CUDA Mixture of Experts

GPU-accelerated tennis simulation with MoE routing and CUDA Monte Carlo.

Project Summary

GPU-accelerated tennis Monte Carlo simulator using CUDA C++, Mixture of Experts routing, softmax expert blending, and CPU vs GPU benchmark comparison.

Status
Independent technical project
Role
CUDA simulation + modeling + benchmark analysis
Stack
CUDA C++, cuRAND, Mixture of Experts, Monte Carlo simulation
Code
Not listed

I. Overview

CUDA Mixture of Experts is a CUDA C++ tennis match simulator that estimates win probability, average total games, and over/under probabilities with Monte Carlo simulation. The project combines matchup modeling with GPU systems work: many independent simulated matches are run in parallel, then aggregated into readable betting analytics outputs.

Interactive Systems View

The embedded visual shows MoE routing as a weighted expert mixture, CUDA Monte Carlo simulation as parallel match trials, and a benchmark view that can switch between best-of-3 and best-of-5 test runs.

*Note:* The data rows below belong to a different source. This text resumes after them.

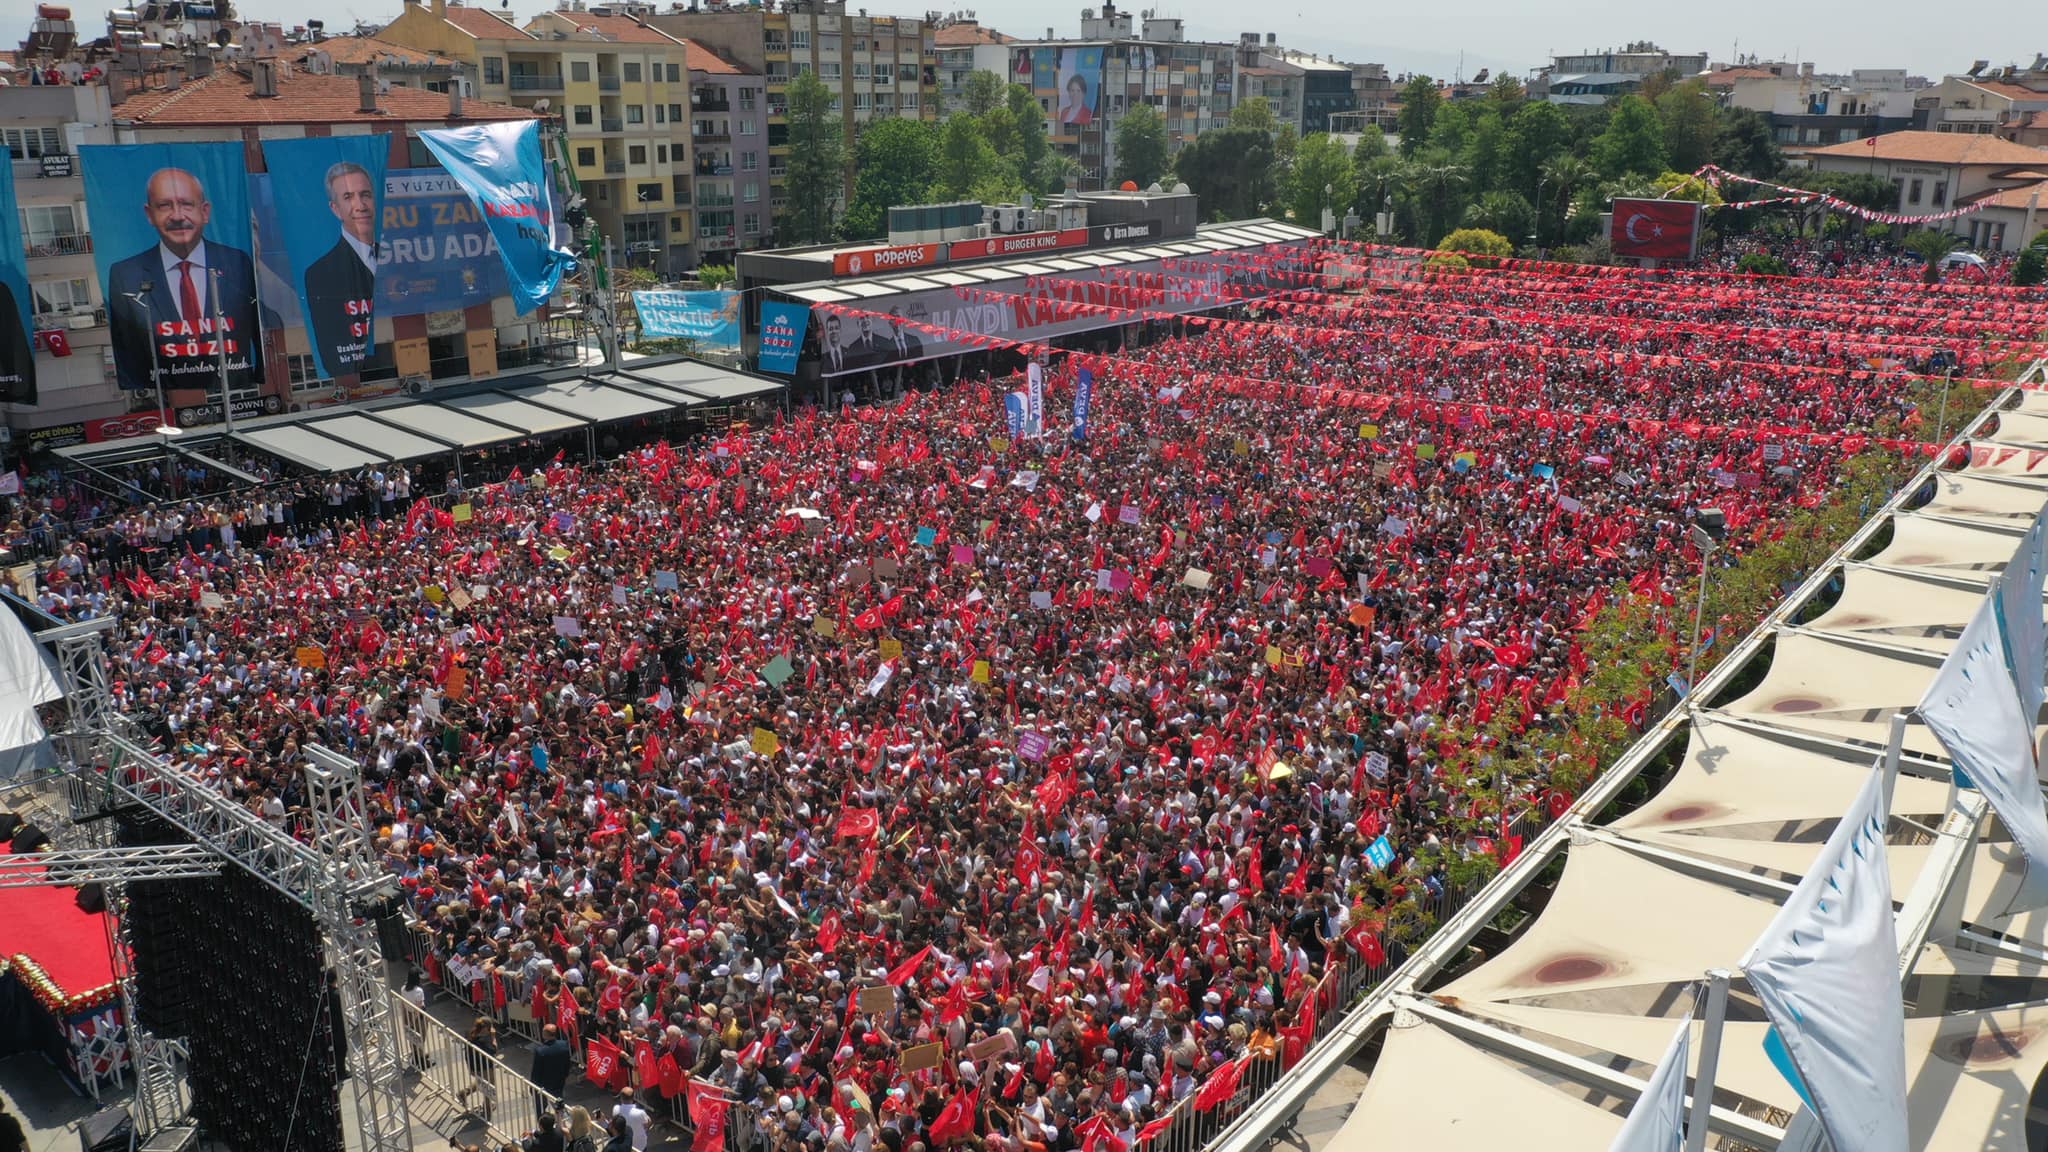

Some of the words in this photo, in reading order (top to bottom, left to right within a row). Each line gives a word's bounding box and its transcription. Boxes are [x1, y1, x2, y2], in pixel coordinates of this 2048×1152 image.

[383, 204, 418, 229] RU
[1004, 238, 1036, 251] BURGER
[1037, 235, 1057, 248] KING
[161, 317, 231, 336] SANA
[766, 326, 794, 337] SANA
[164, 338, 234, 358] SÖZ!
[1031, 380, 1040, 414] DEVA
[1078, 382, 1088, 415] DEVA
[196, 406, 222, 417] CAE
[230, 400, 264, 412] ROWNI
[598, 1056, 612, 1076] CHP

Jannik Sinner vs Carlos Alcaraz Test Run

The following values are sample benchmark results from a generated test run, not universal performance claims.

Best of 3

Over 30 15.94%
Under 30 84.06%
Average total games 24.11
Median total games 24.00
CUDA GPU runtime 12.10 ms
CPU runtime 1200.00 ms
Speedup 99.2x

Best of 5

Sinner win probability 57.87%
Alcaraz win probability 42.13%
Over 30 82.26%
Under 30 17.74%
Average total games 39.75
Median total games 40.00
CUDA GPU runtime 1.77 ms
CPU runtime 371.62 ms
Speedup 209.8x

Runtime depends on simulation count, hardware, match format, and benchmark settings.

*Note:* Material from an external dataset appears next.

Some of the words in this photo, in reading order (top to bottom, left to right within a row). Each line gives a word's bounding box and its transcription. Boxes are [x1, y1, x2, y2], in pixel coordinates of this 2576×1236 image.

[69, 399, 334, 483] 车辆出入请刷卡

Educational analytics and systems visualization.

II. How the MoE Model Works

The Mixture of Experts router combines specialized expert signals such as surface performance, fatigue, head-to-head history, and recent form. Rather than forcing one global score to explain every matchup, the router assigns weights to the experts and blends their outputs into simulation parameters for the tennis match model.

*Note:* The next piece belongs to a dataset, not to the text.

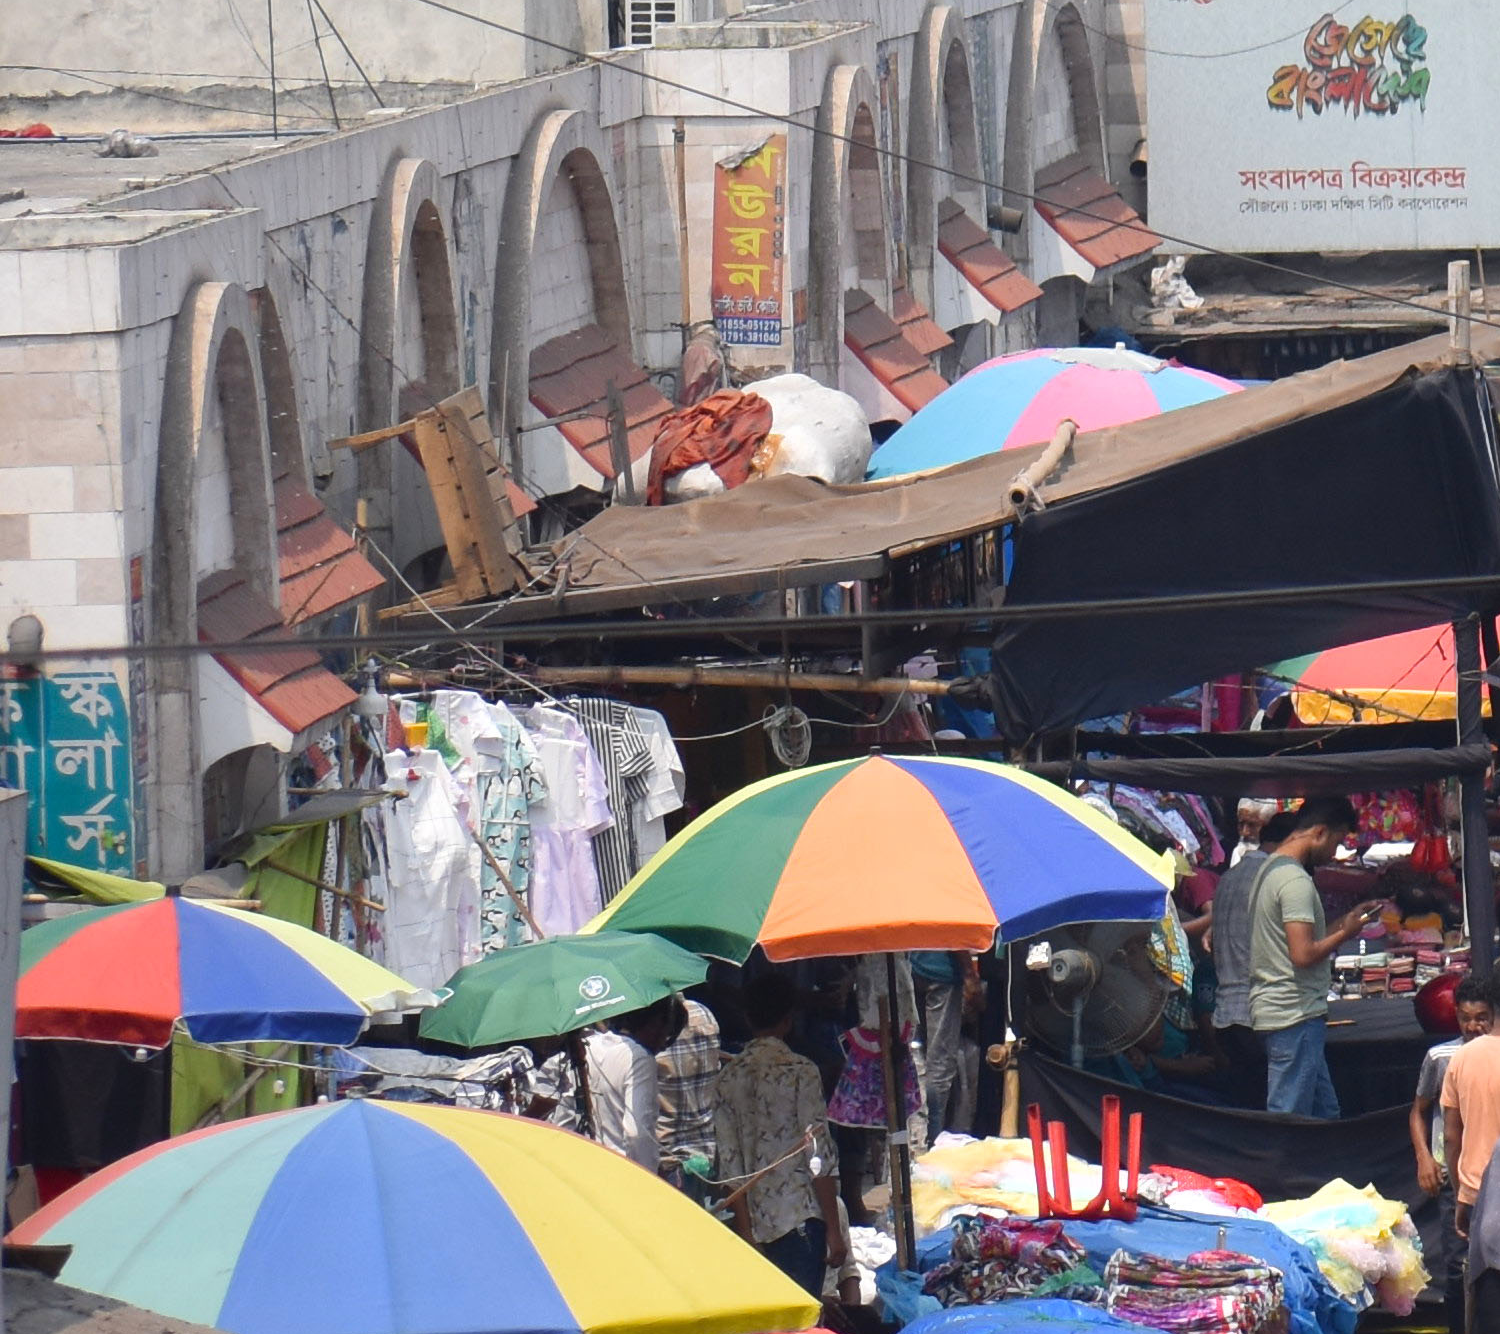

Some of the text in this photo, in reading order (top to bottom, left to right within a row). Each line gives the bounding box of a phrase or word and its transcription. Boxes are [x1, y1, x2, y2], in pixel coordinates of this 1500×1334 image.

[1266, 63, 1432, 120] বাংলাদেশ
[1238, 161, 1467, 191] সংবাদপত্র বিক্রয়কেন্দ্র
[1301, 198, 1328, 213] ঢাকা

III. CUDA Monte Carlo Simulation

CUDA threads simulate independent matches in parallel. Each thread uses cuRAND for per-thread randomness, runs a stochastic tennis match trial, and contributes results to aggregate estimates for Player A win probability, average total games, and over/under outcomes.

IV. CPU vs GPU Performance

The project includes a CPU baseline for comparison with the --compare-cpu option. The benchmark path is intended to make GPU acceleration measurable by comparing the same simulation math and the same workload across serial CPU execution and massively parallel CUDA execution. The speedup comes from CUDA parallelism, not from changing the Monte Carlo model.

V. Tech Stack

Core technologies include CUDA C++, cuRAND for GPU-side random number generation, Monte Carlo simulation, Mixture of Experts routing, softmax expert blending, and CPU/GPU benchmark tooling for performance comparison.